= Record excerpts =
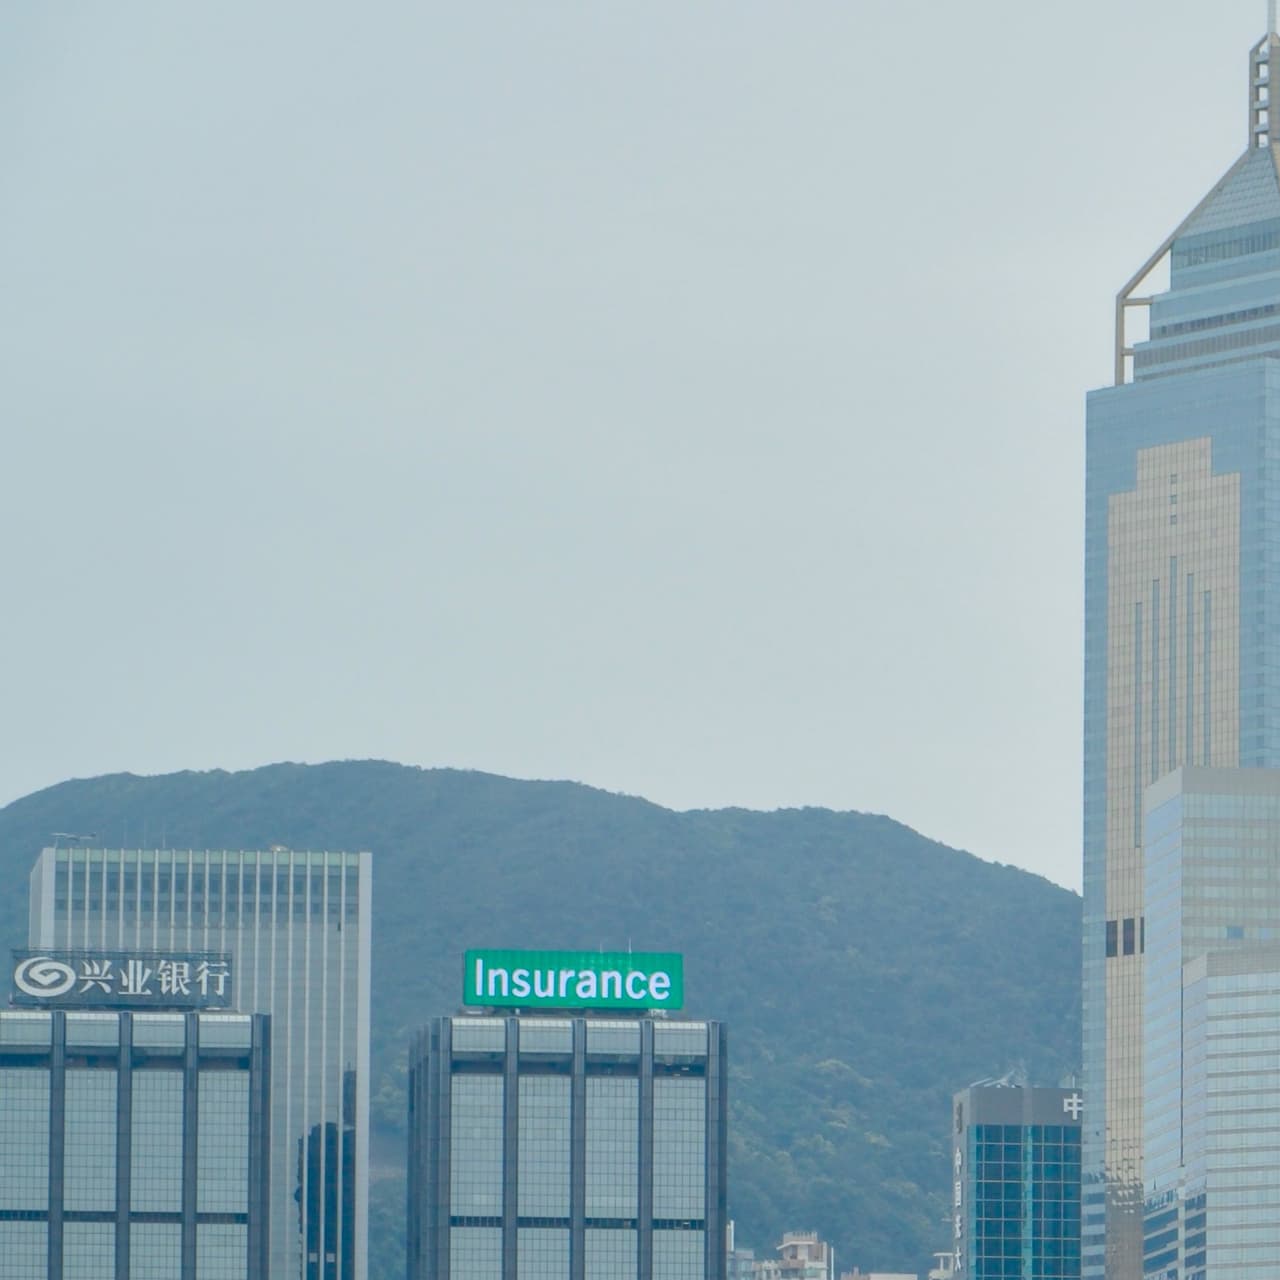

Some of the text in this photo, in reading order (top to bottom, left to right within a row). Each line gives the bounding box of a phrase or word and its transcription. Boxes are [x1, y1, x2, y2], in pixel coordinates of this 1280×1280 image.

[78, 958, 230, 997] 兴业银行
[475, 957, 671, 1000] Insurance
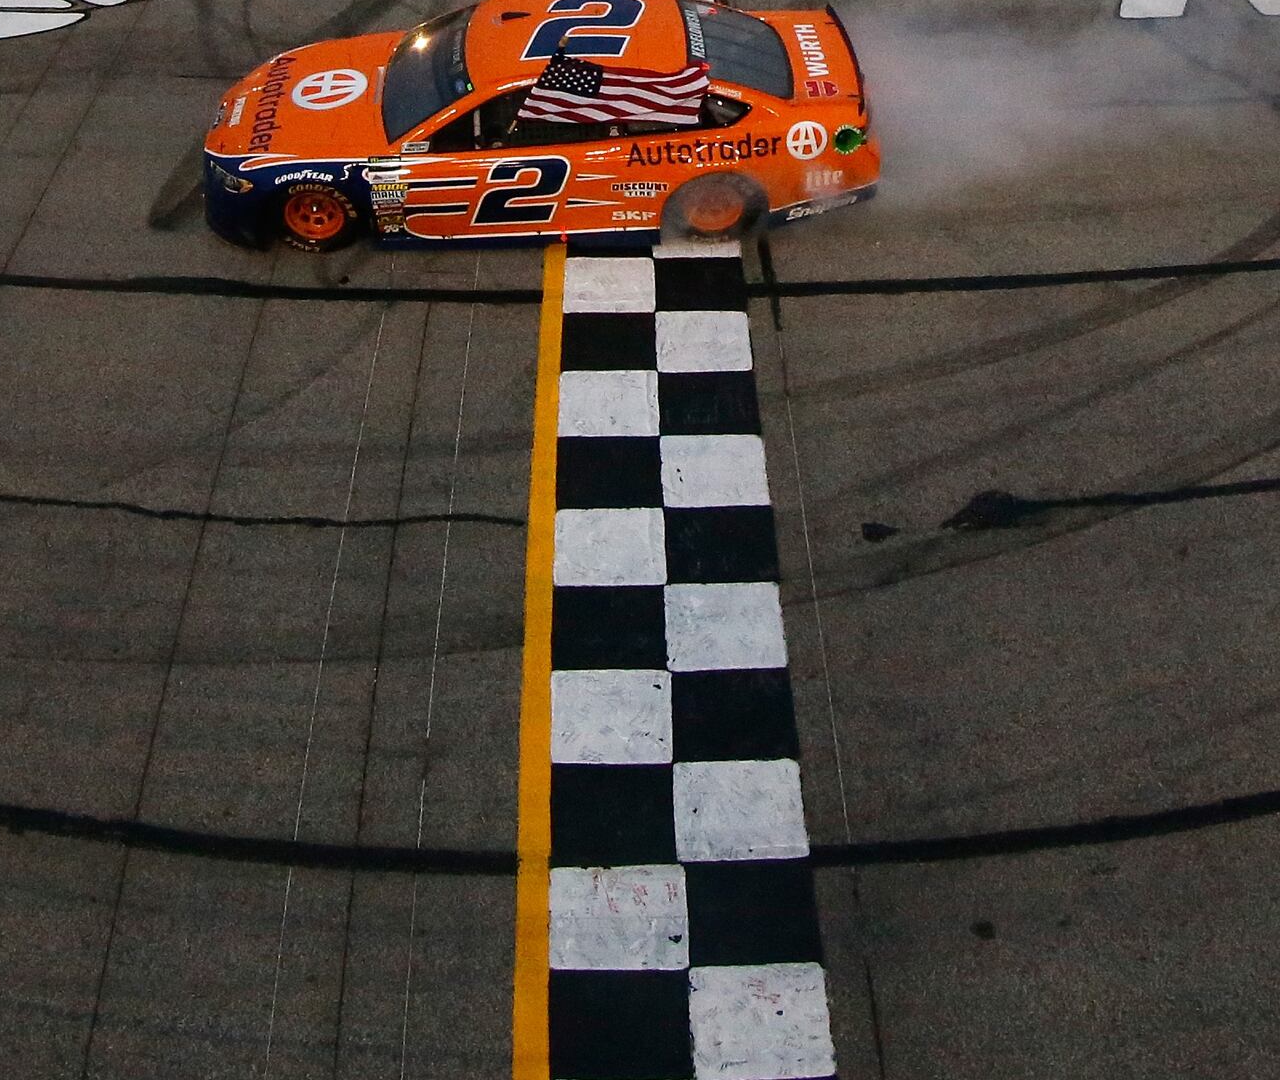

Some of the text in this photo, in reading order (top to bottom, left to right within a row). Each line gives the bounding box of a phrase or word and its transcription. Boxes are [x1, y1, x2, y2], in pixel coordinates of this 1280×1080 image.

[794, 23, 830, 78] WÜRTH
[248, 56, 297, 153] Autotrader
[627, 132, 782, 168] Autotrader
[274, 169, 334, 185] GOODYEAR
[371, 183, 408, 191] MOOG
[611, 182, 669, 193] DISCOUNT
[472, 156, 570, 227] 2
[611, 210, 657, 222] SKF
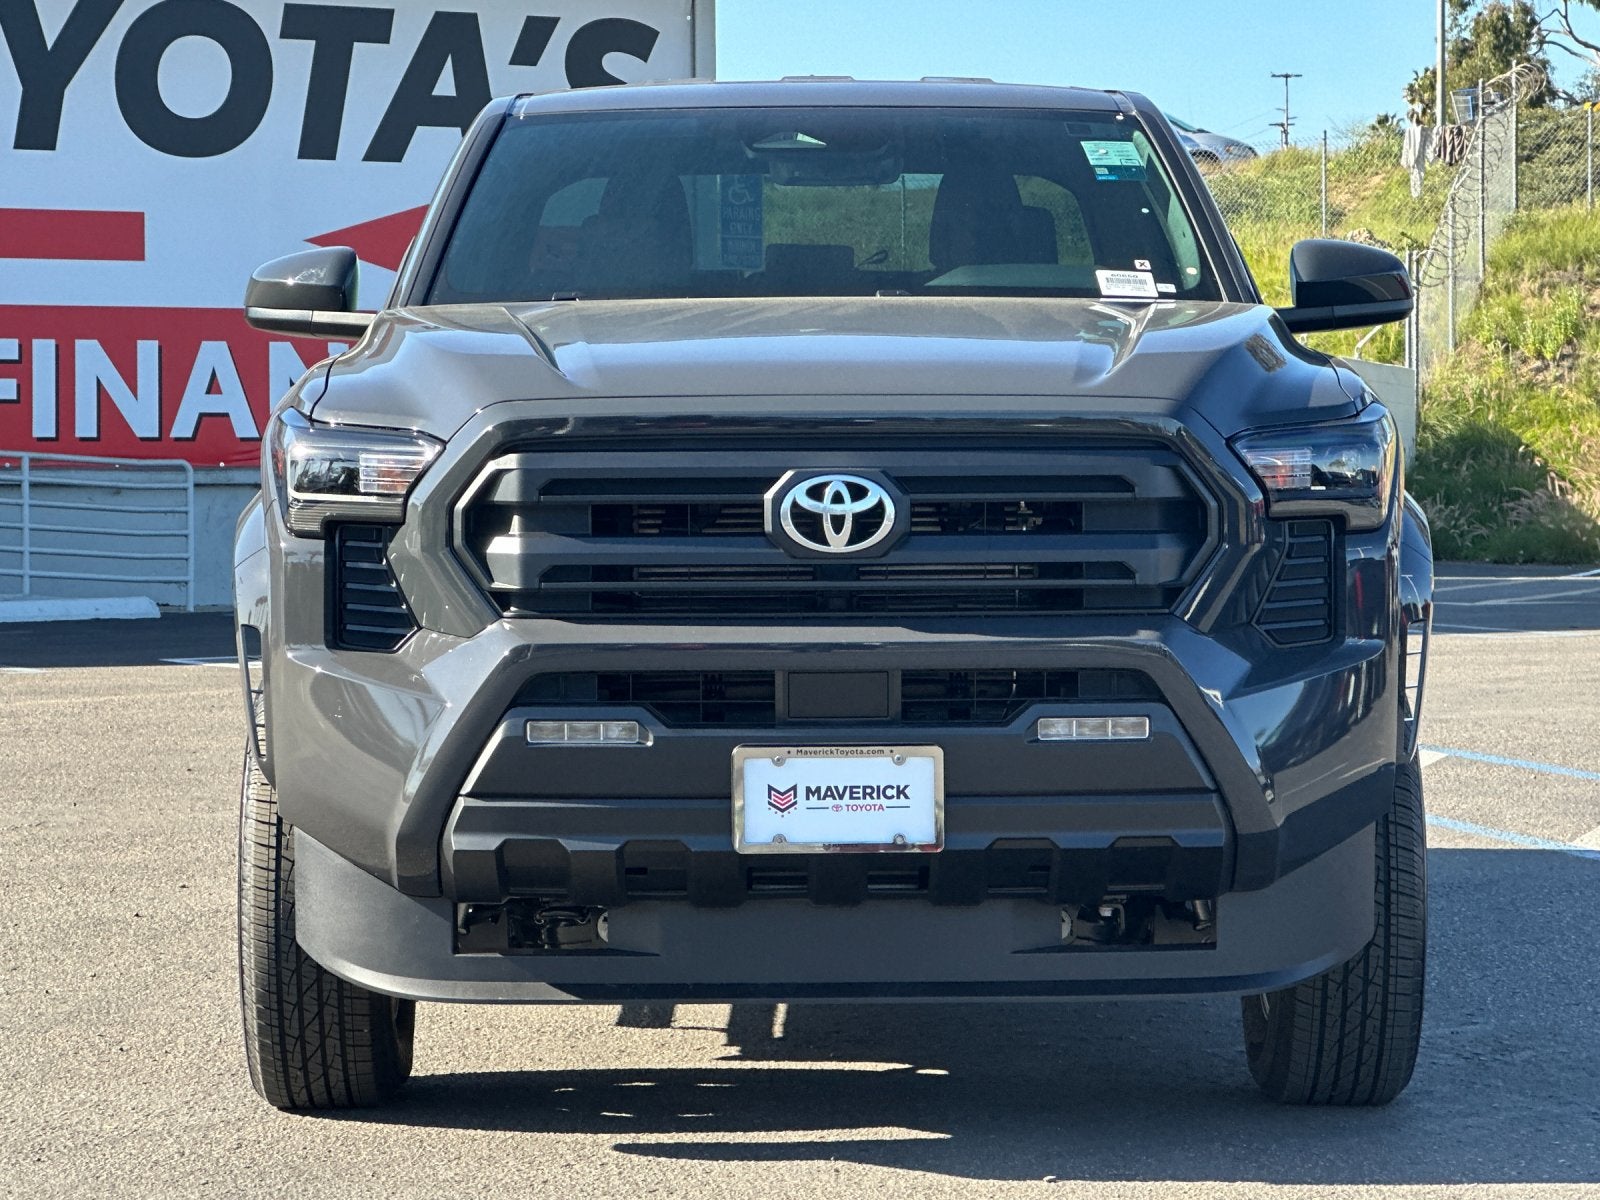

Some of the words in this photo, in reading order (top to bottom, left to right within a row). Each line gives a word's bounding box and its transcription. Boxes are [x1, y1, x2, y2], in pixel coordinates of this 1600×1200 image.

[796, 748, 885, 757] MaverickToyota.com
[805, 784, 911, 801] MAVERICK
[845, 803, 885, 812] TOYOTA

= Your task =
Every line of the records above must reappear exactly, though the pictures must not.

= Answer to this exercise =
Some of the text in this photo, in reading order (top to bottom, left to right within a row). Each line gives the bounding box of a phrase or word and its transcription. Boxes are [x1, y1, x2, y2], in pixel coordinates of this 1280×1280 image.

[78, 958, 230, 997] 兴业银行
[475, 957, 671, 1000] Insurance

Some of the text in this photo, in reading order (top to bottom, left to right within a row). Each line gives the bounding box of a phrase or word and its transcription. Boxes are [x1, y1, x2, y2], in pixel coordinates of this 1280×1080 image.

[794, 23, 830, 78] WÜRTH
[248, 56, 297, 153] Autotrader
[627, 132, 782, 168] Autotrader
[274, 169, 334, 185] GOODYEAR
[371, 183, 408, 191] MOOG
[611, 182, 669, 193] DISCOUNT
[472, 156, 570, 227] 2
[611, 210, 657, 222] SKF

Some of the words in this photo, in reading order (top to bottom, left to right within a row). Each line gives a word's bounding box and its transcription. Boxes are [x1, y1, x2, y2], in pixel coordinates of this 1600×1200 image.

[796, 748, 885, 757] MaverickToyota.com
[805, 784, 911, 801] MAVERICK
[845, 803, 885, 812] TOYOTA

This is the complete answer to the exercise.